The entertainment industry—film, stage, radio, music, and their associated branches—was the largest single employer of Central Hollywood’s lodgers in the sample data (see Table 3). Another large group made their living in restaurants, bars, clubs, and hotels. Altogether about half of those lodgers stating an occupation were part of the world of entertainment and “hospitality,” while most of the rest claimed a variety of white- and blue-collar jobs. Outside the film industry itself, relatively few followed industrial pursuits although some were already working in the aircraft factories which were becoming a major employer in Los Angeles as the Roosevelt administration boosted military spending. 60 A closer look at seven larger rooming houses offers a clearer picture of the eclectic mix of working-class men and women, mostly single, and mostly in their twenties and thirties, who lived there. (All of the following are male unless otherwise noted or are apparent from the occupational designation.) There were seven waitresses, two waiters, three bartenders, one dishwasher, three busboys, three cooks (one female), one laborer in a restaurant, one counter girl, and one floor girl. The motion picture industry accounted for four actors, one writer, one property man, one truck driver, and one nurseryman.
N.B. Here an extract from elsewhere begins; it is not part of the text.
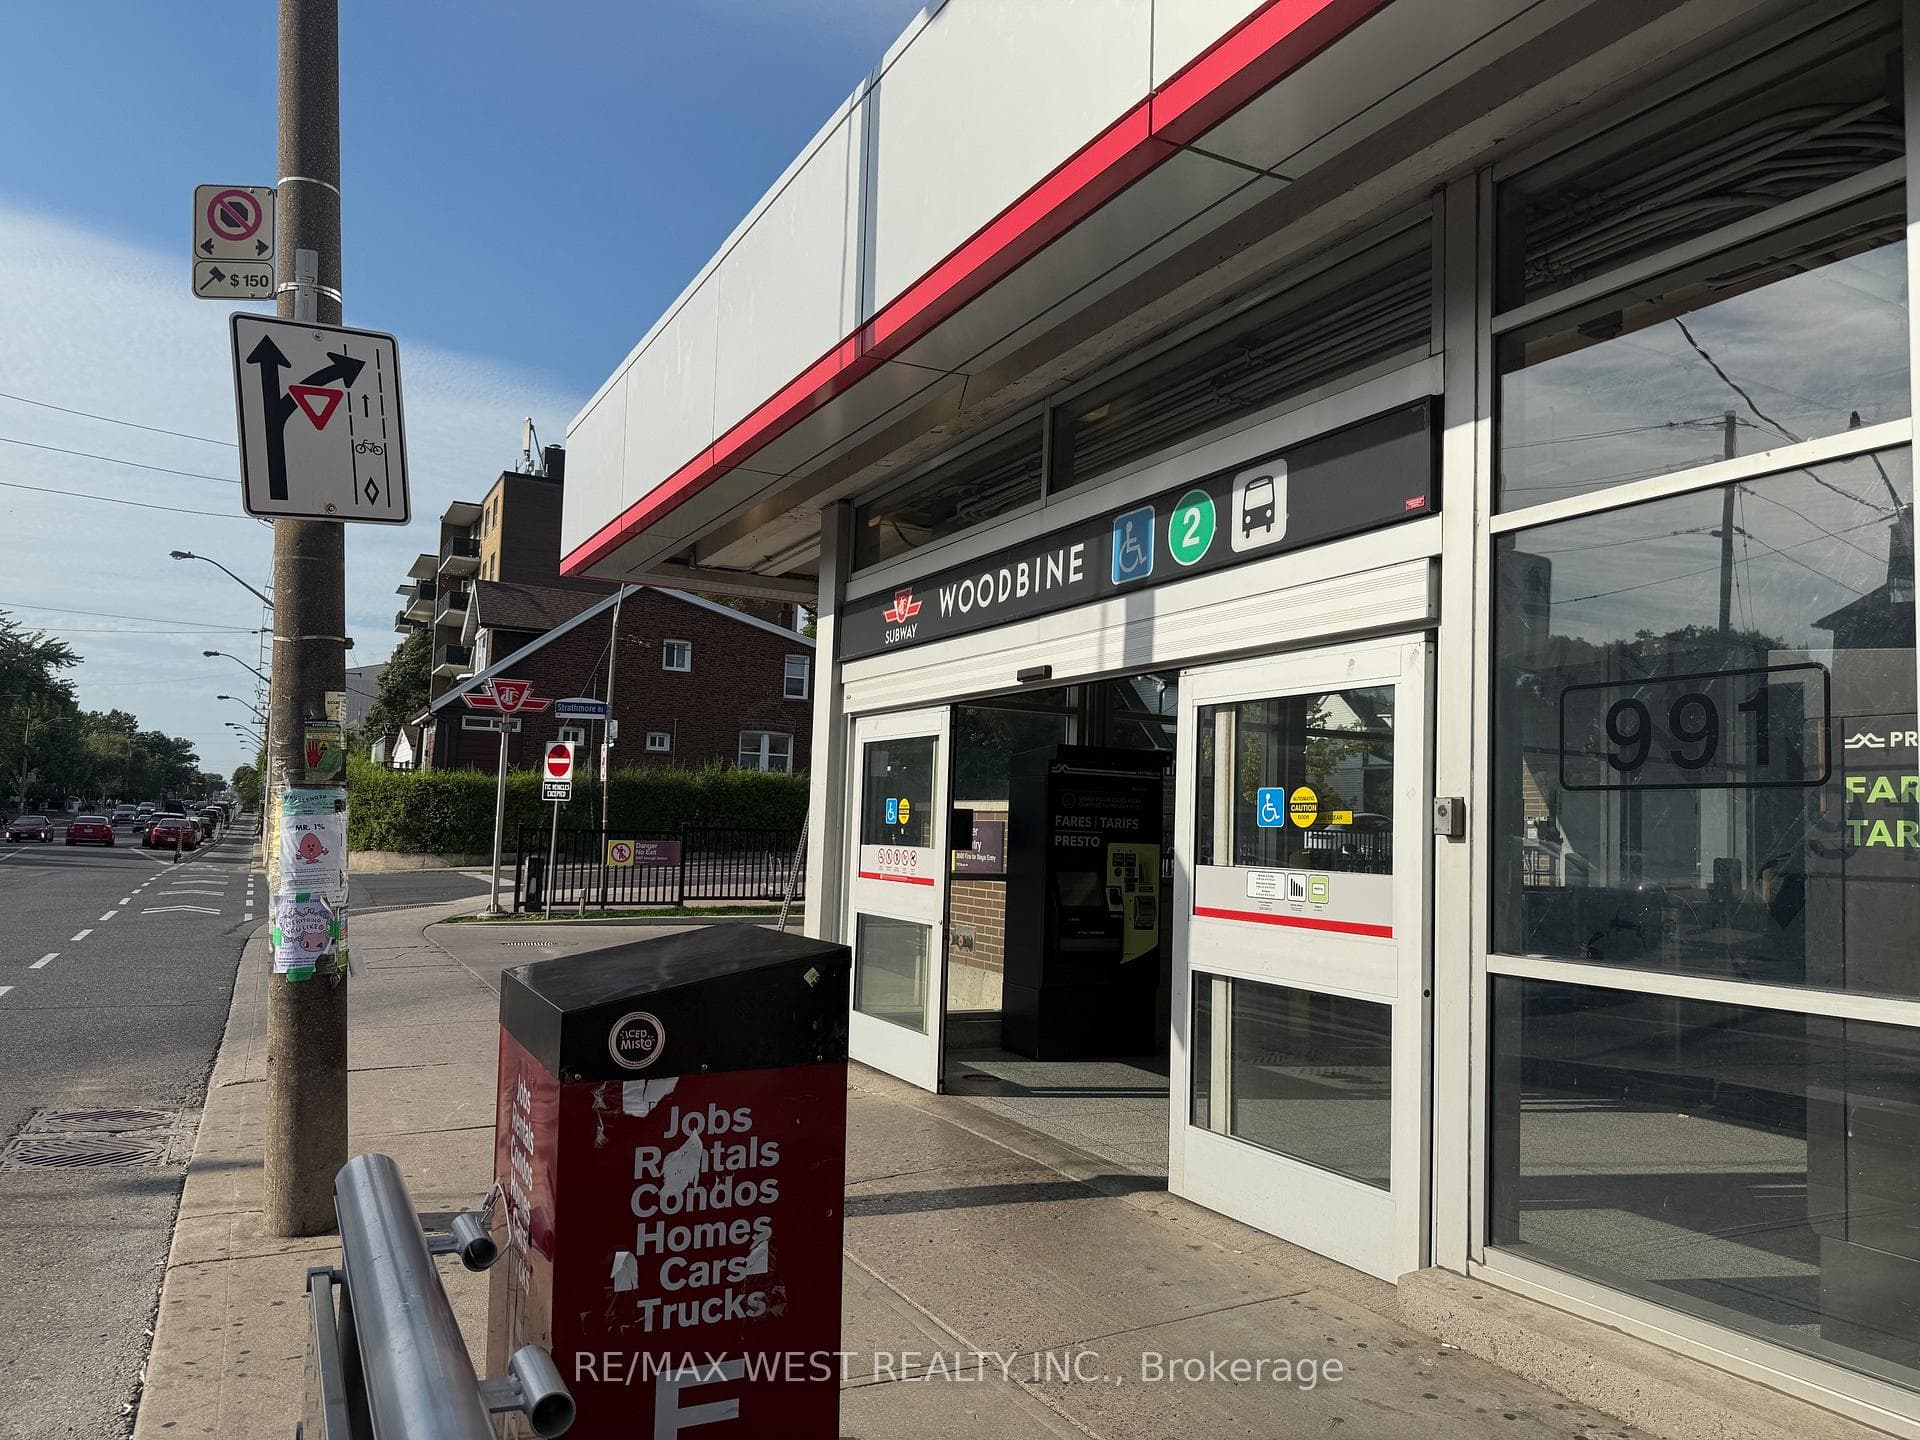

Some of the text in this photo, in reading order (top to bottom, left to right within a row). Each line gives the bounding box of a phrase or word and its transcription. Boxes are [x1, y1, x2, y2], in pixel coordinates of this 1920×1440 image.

There were four musicians: two in a dance orchestra, one symphonic, and one simply a musician. The remaining occupations comprised four salesmen, one saleslady, two hotel workers, three clerks (one in a drugstore and a husband and wife team in the “political” field), two stenographers (female), a theater usher and a doorman, one routeman in linen supply, one laborer in ice cream manufacturing, one laborer (field not given), one gardener, two housekeepers (female), one school custodian, one painter in home construction, one metal punch operator, one garage night man, two pinsetters in a bowling alley, one magazine illustrator, one public school teacher (female), and one “new worker.” Twenty-three of these sixty-seven lodgers were currently unemployed and looking for work. Five of the lodgers gave no occupation details. 61
Occupational Distribution by Gender, Sample Lodging Data, 1940.
Source: Sample Lodging Data.
Note: Actor includes screen, stage, and radio; creative includes writers, artists, designers, and so on, working outside the entertainment industry; professional and managerial includes those not in the second and third categories. Pct. = percentage.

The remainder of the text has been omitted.